The instant noodle aisle? Powder dissolved in hot water. It tastes great, but your body regrets it right after.
So we asked: what would it take to make the real bowl instant?



the how
We went to the CIA to find out
The result is a bowl that doesn't compromise: three-protein bone broth cooked low and slow, real grass-fed short ribs braised to tenderness, air-dried alkaline Kansui noodles with actual chew. Sealed fresh and ship.
Not close to restaurant quality. Restaurant quality. The kind of bowl you'd cook for yourself and your family — if you had the time.
A San Francisco home kitchen
"I spent years building technology companies. As machines accelerated around us, I kept returning to a simpler question: what actually matters?
The answer was warmth. Comfort. Connection. The things food does that nothing else can.
So I left tech to go study cooking. Ran a few hundred test batches in our home kitchen. Made our freinds taste every iteration. Drove them a little crazy. The result was worth it.
What began as an obsession became a mission: to make clean, real Asian comfort food that fits the pace of modern life.
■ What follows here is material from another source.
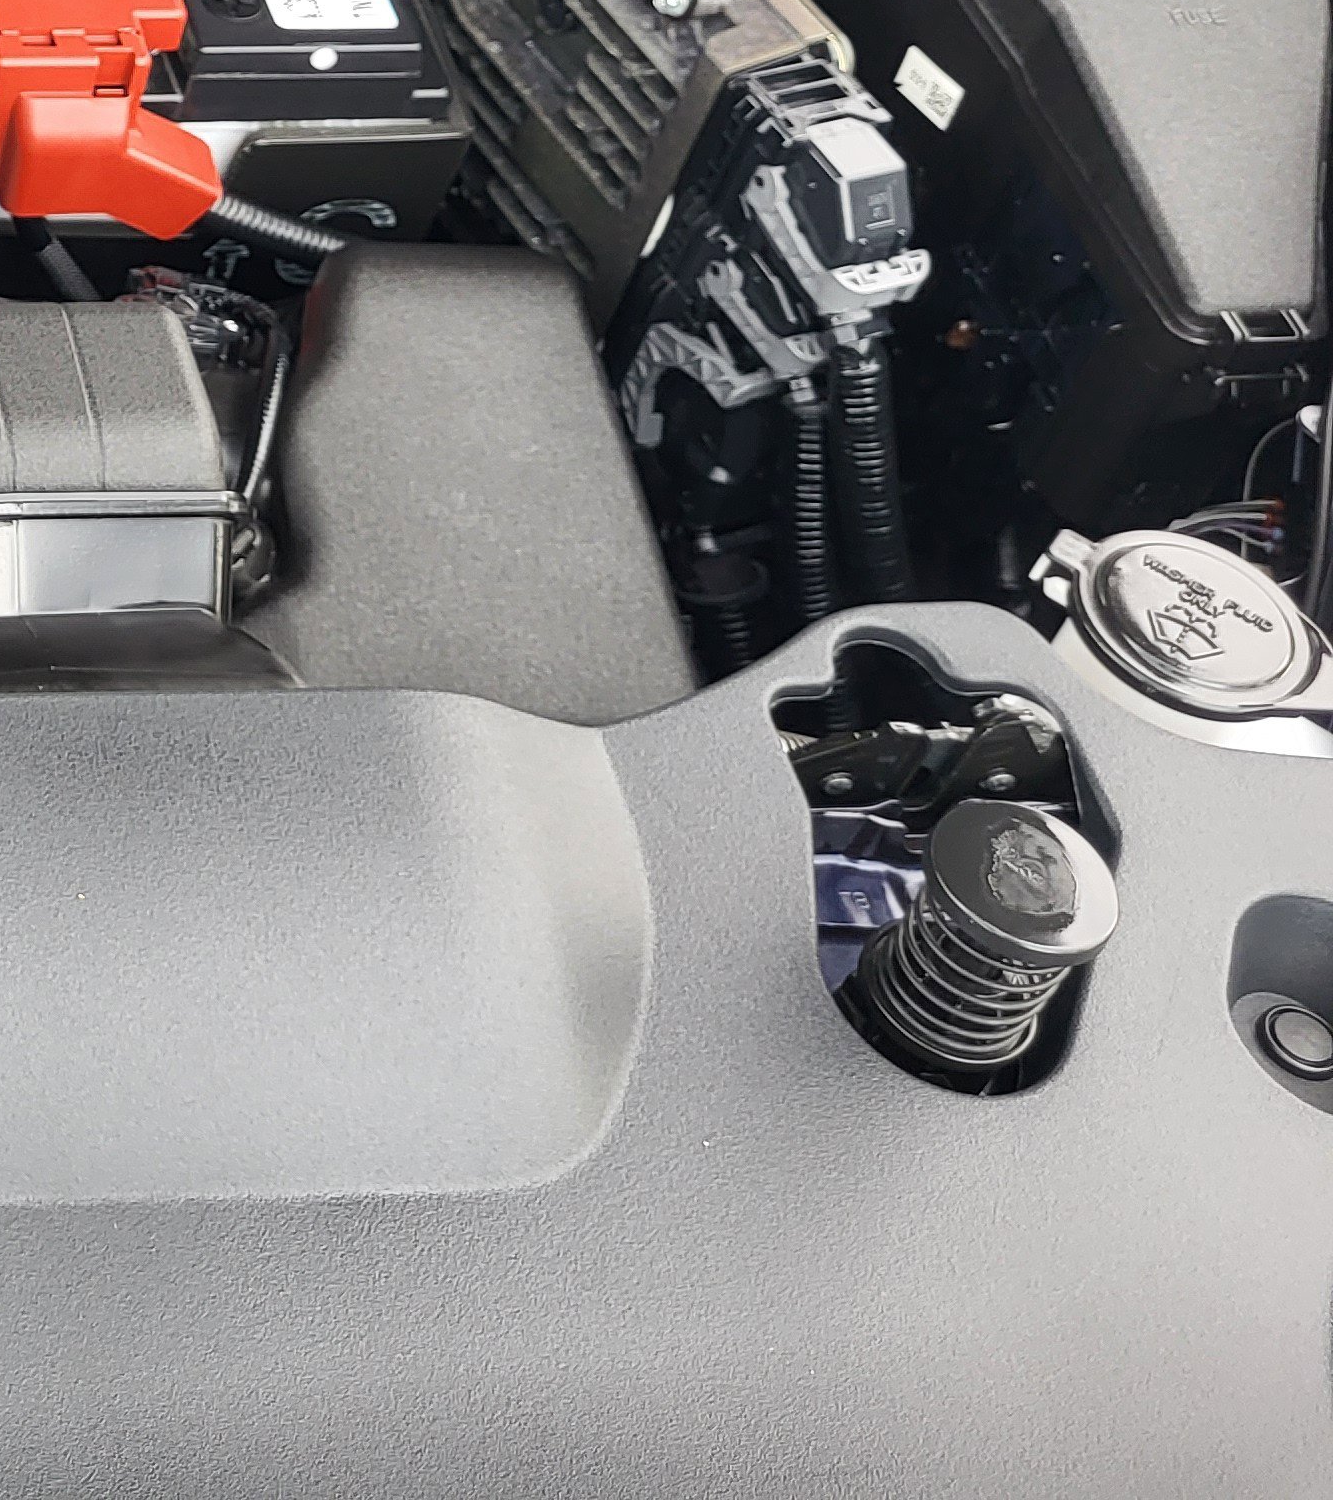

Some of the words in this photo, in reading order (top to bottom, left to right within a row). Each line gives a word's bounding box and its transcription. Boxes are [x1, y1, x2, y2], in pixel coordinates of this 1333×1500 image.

[1165, 6, 1227, 27] FUSE
[1142, 553, 1215, 601] WASHER
[1222, 598, 1274, 633] FLUID
[1178, 589, 1226, 619] ONLY
Without sacrificing the thing that makes it worth eating.
Tech taught me how to build systems and optimize. Food taught me something more human: people don't need more efficiency. They need something they can trust.
James Chen, Founder
Napa Valley, California

Mission
To make Asian comfort food that earns its place in your home. Not by being the loudest. By doing things right, every time.